Methodology v1.0 | VerityHelm

1. Data Sources

VerityHelm v1.0 queries the following public signal sources. Each source is documented with its access method, limitations, and reliability assessment.

Tier 1 Sources (API-accessible, high reliability)

Source	What It Provides	Access Method	Freshness
SEC/EDGAR	Public company filings: 10-K risk factors, 8-K cybersecurity incidents, auditor changes	REST API (JSON), free, 10 req/sec	Same-day
GitHub Security Advisories	Open-source vulnerability database with CVEs and severity scores	REST API, CC BY 4.0 licensed	Near-real-time
Certificate Transparency (crt.sh)	All TLS/SSL certificates issued for a domain — subdomain enumeration, infrastructure mapping	Web/JSON/PostgreSQL, free	Near-real-time
USPTO Trademarks	Trademark registration status, filing history, related entities	REST API with free API key, 60 req/min	Daily
PCAOB AuditorSearch	Registered audit firms, engagement history, inspection reports	Bulk CSV download (daily updates), free	Daily
Vendor Trust Pages	SOC 3 reports, ISO 27001 certificates, public compliance claims	Web scrape of vendor websites	Varies (annual cycle)

Tier 2 Sources (requires subscription or careful access)

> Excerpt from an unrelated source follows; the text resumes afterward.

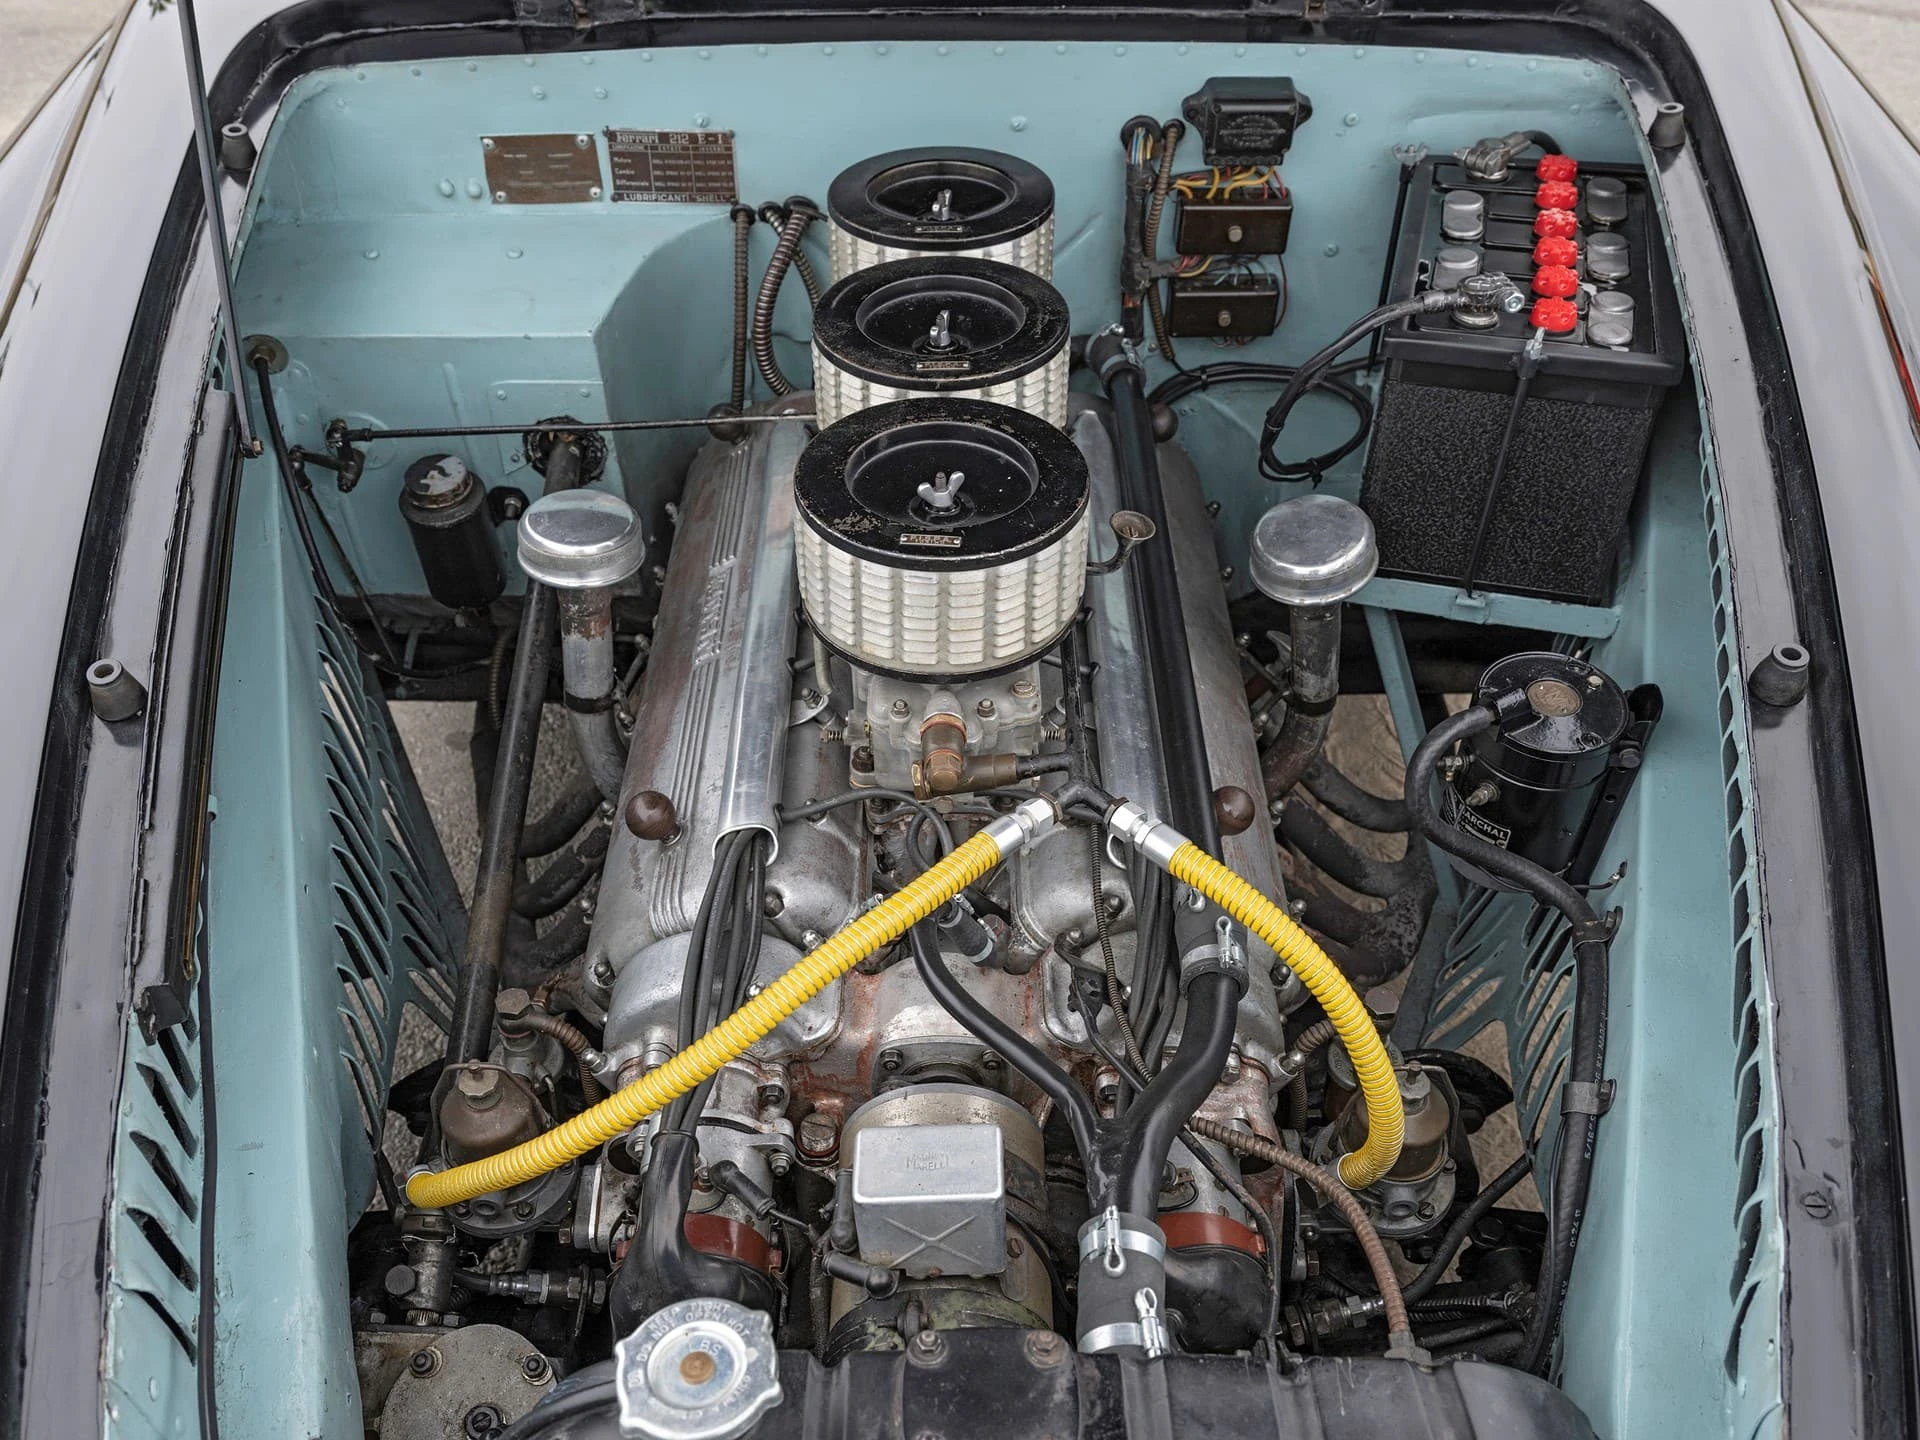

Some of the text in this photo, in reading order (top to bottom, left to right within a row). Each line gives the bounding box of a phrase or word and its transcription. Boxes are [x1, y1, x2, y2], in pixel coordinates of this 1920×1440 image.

Source	What It Provides	Access Method	Freshness
NASBA CPAverify	CPA license verification across 55 U.S. jurisdictions	Web interface, individual lookups	Varies by state
AICPA Peer Review	Audit firm quality oversight enrollment and results	Web interface, individual lookups	1–3 year review cycles
HaveIBeenPwned	Domain breach exposure history	REST API, paid subscription for domain search	As breaches are verified
UKAS/ANAB Directories	ISO 27001 certifier accreditation status	Web search	As accreditations change
Court Records (PACER/RECAP)	Federal litigation history	PACER (paid, $0.10/page) and RECAP (free archive)	Same-day (PACER)

Tier 3 Sources (supplementary, used with caution)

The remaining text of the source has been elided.